(Free-text object descriptions)
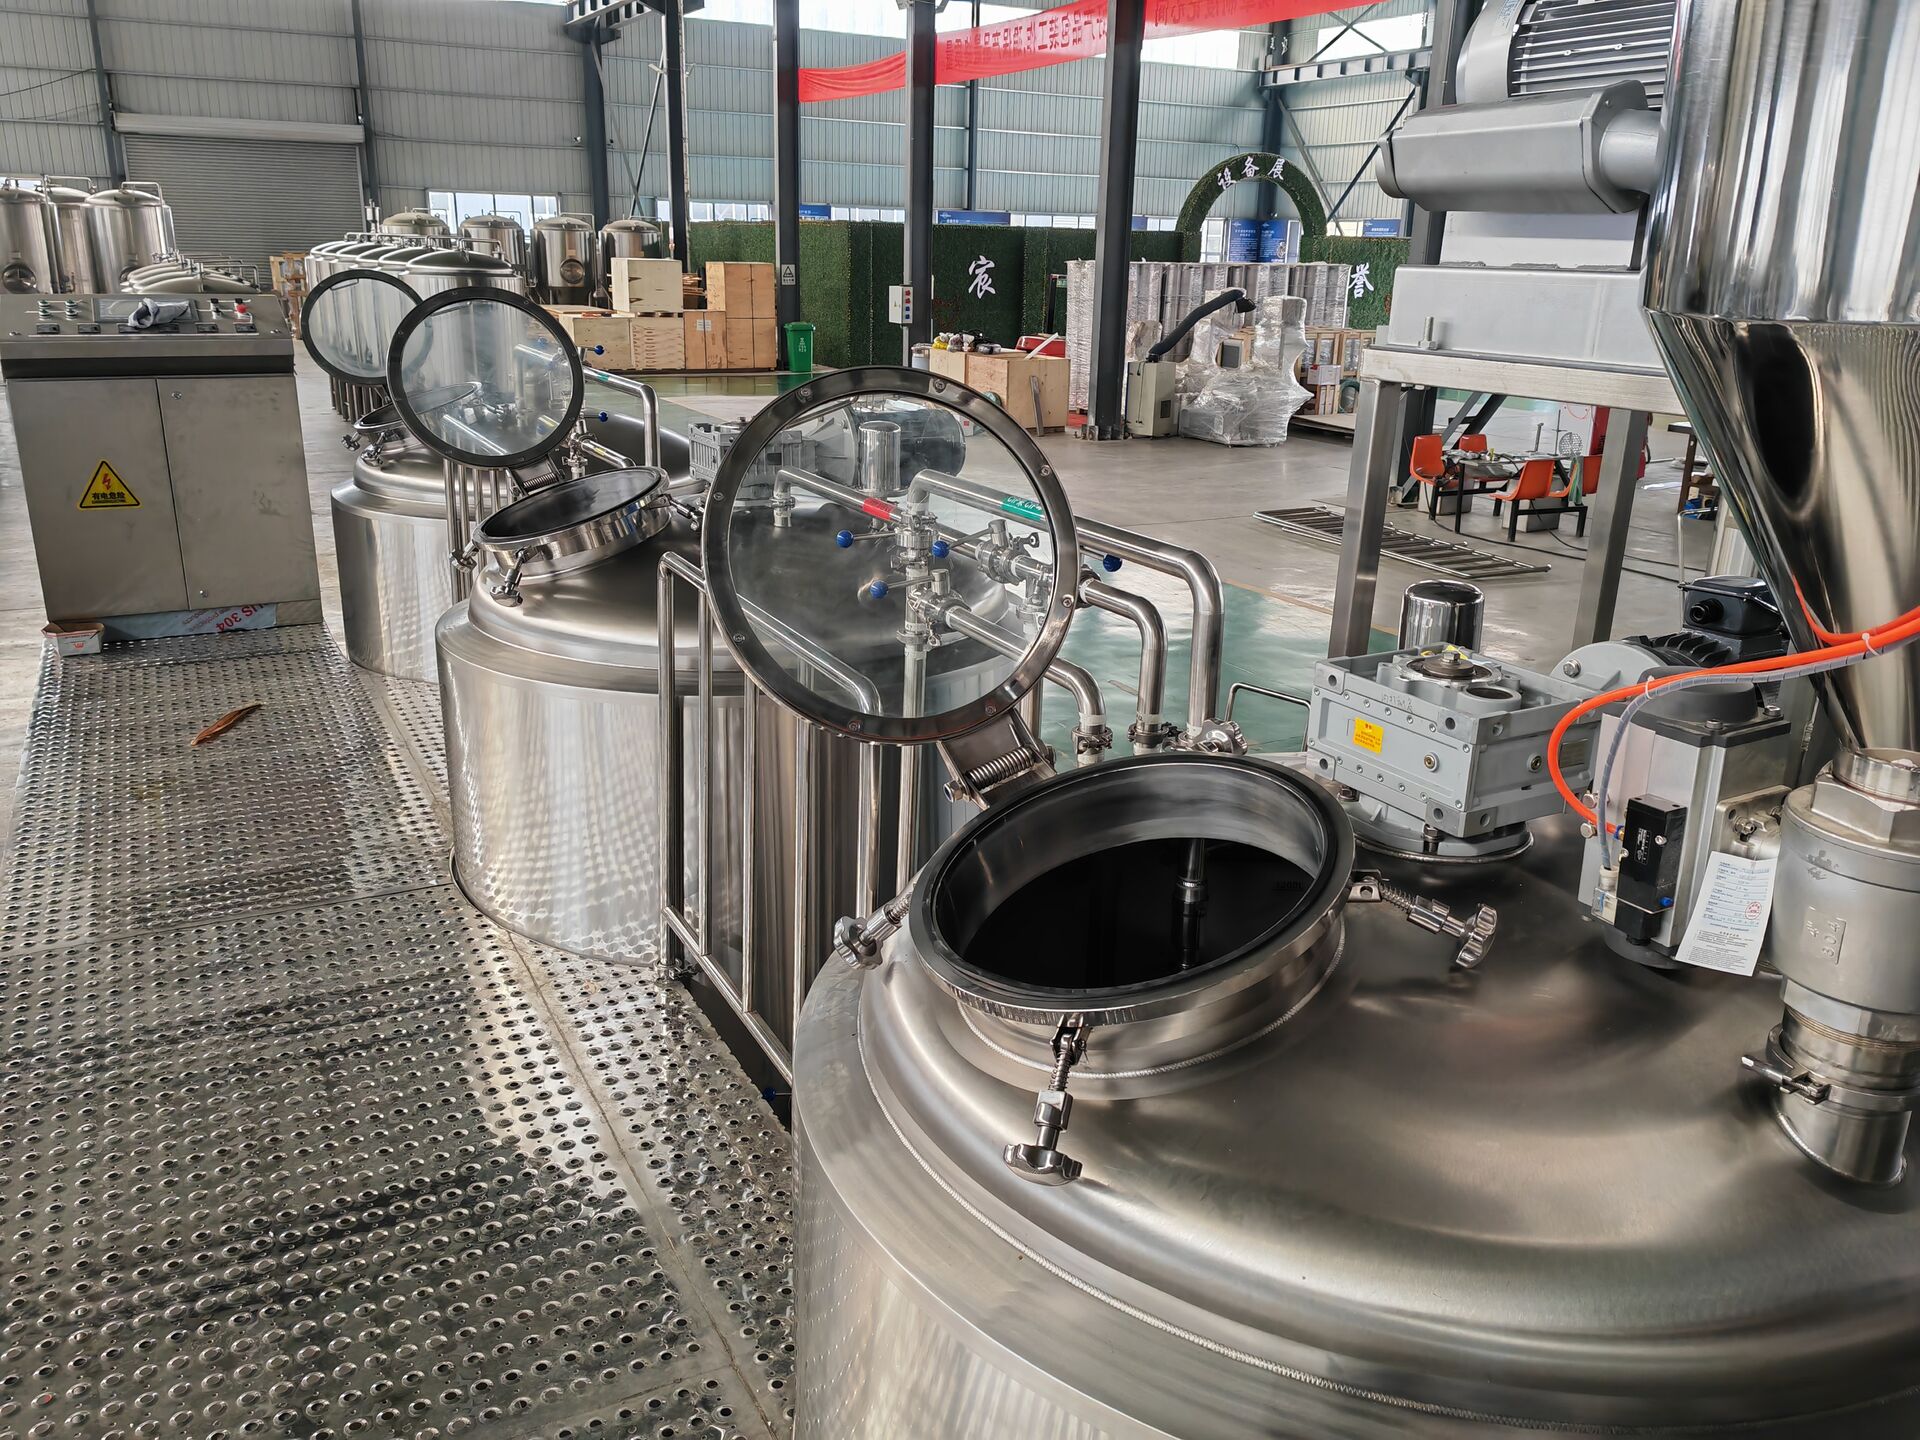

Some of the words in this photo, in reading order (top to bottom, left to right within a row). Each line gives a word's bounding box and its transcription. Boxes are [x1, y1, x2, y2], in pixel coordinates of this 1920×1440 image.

[1217, 156, 1286, 190] 设备展
[968, 255, 996, 299] 宸
[1348, 262, 1375, 299] 誉
[92, 491, 125, 500] 有电危险
[215, 612, 242, 633] 304
[1822, 920, 1841, 957] 304
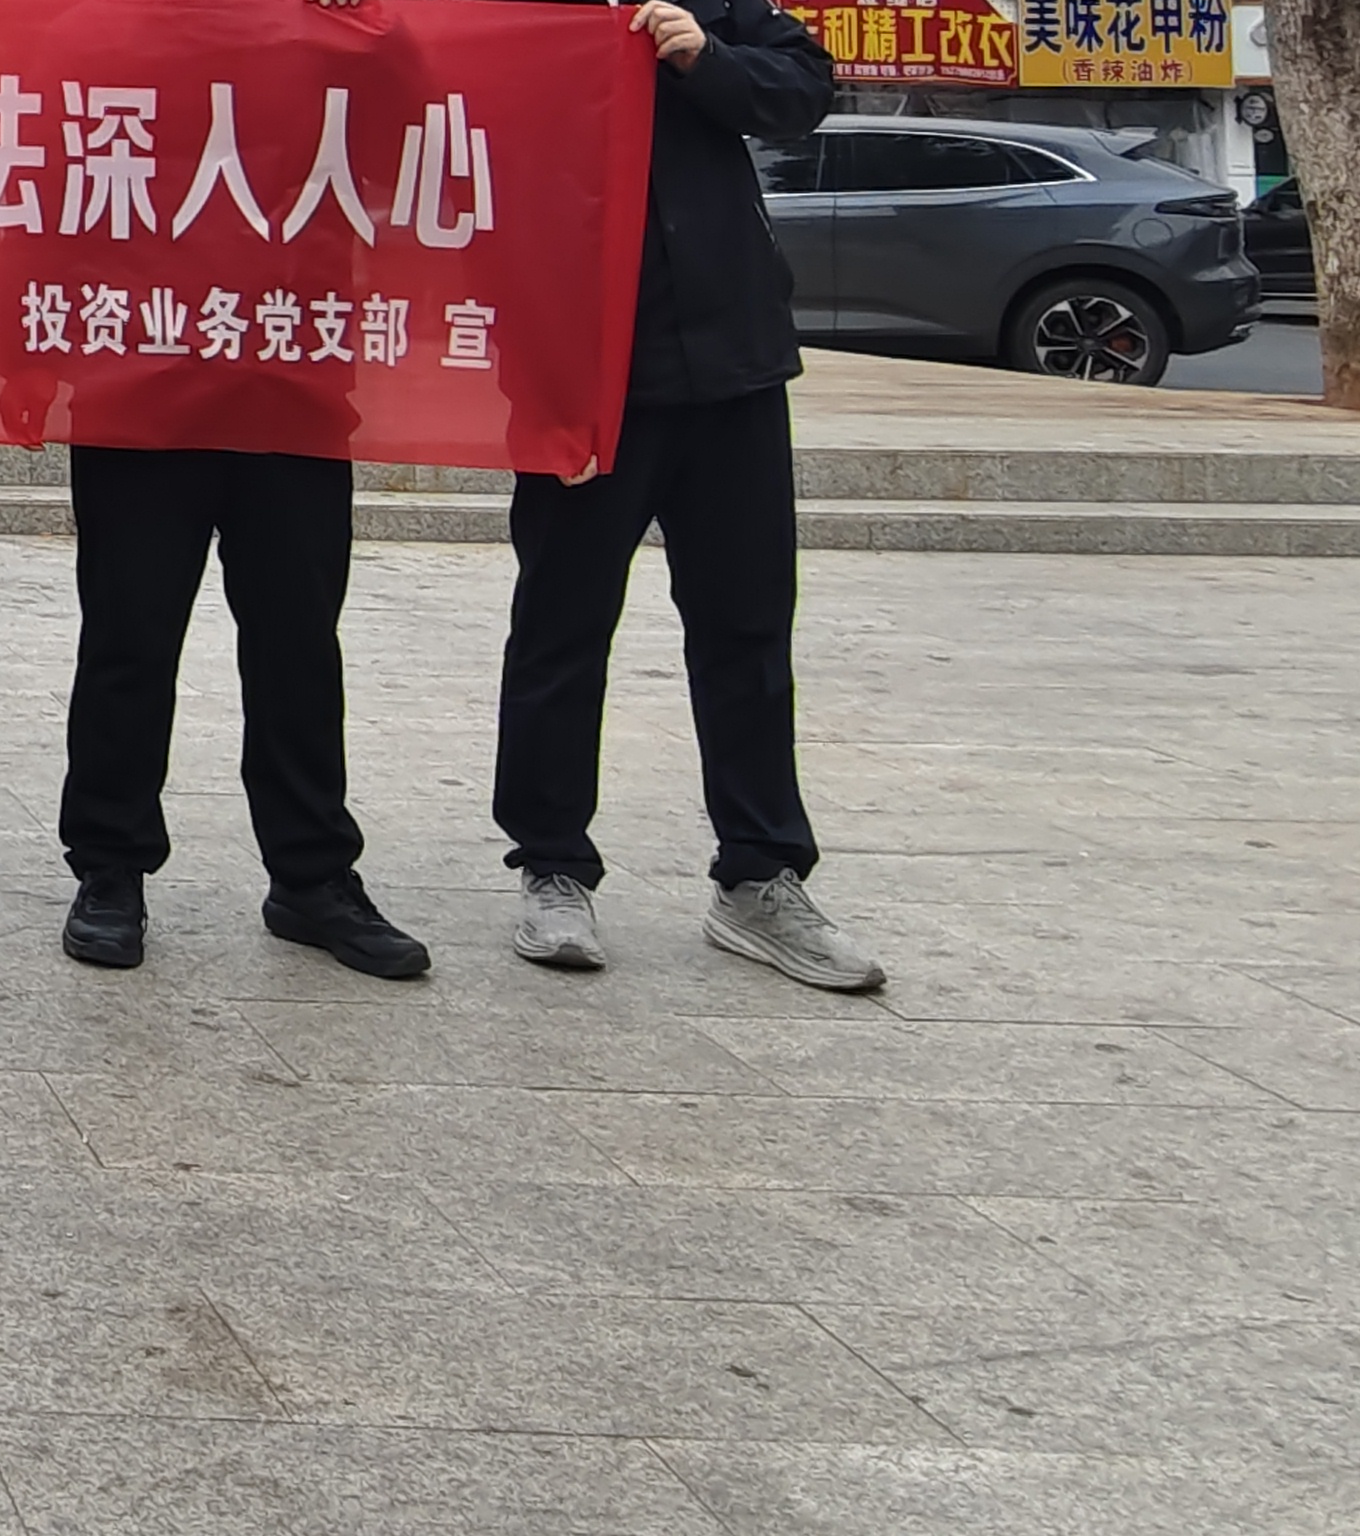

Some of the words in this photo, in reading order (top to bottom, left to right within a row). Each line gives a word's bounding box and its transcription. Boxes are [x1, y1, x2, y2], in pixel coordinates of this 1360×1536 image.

[20, 280, 410, 368] 投资业务党支部
[440, 298, 496, 370] 宣

AIM OF THE TASK:
Could you write out all the records exactly, without the pictures?

WRITTEN ANSWER:
Some of the words in this photo, in reading order (top to bottom, left to right within a row). Each line gives a word's bounding box and its transcription. Boxes are [x1, y1, x2, y2], in pixel coordinates of this 1920×1440 image.

[1217, 156, 1286, 190] 设备展
[968, 255, 996, 299] 宸
[1348, 262, 1375, 299] 誉
[92, 491, 125, 500] 有电危险
[215, 612, 242, 633] 304
[1822, 920, 1841, 957] 304

Some of the words in this photo, in reading order (top to bottom, left to right within a row). Each line gives a word's bounding box and its transcription. Boxes are [x1, y1, x2, y2], in pixel coordinates of this 1360×1536 image.

[20, 280, 410, 368] 投资业务党支部
[440, 298, 496, 370] 宣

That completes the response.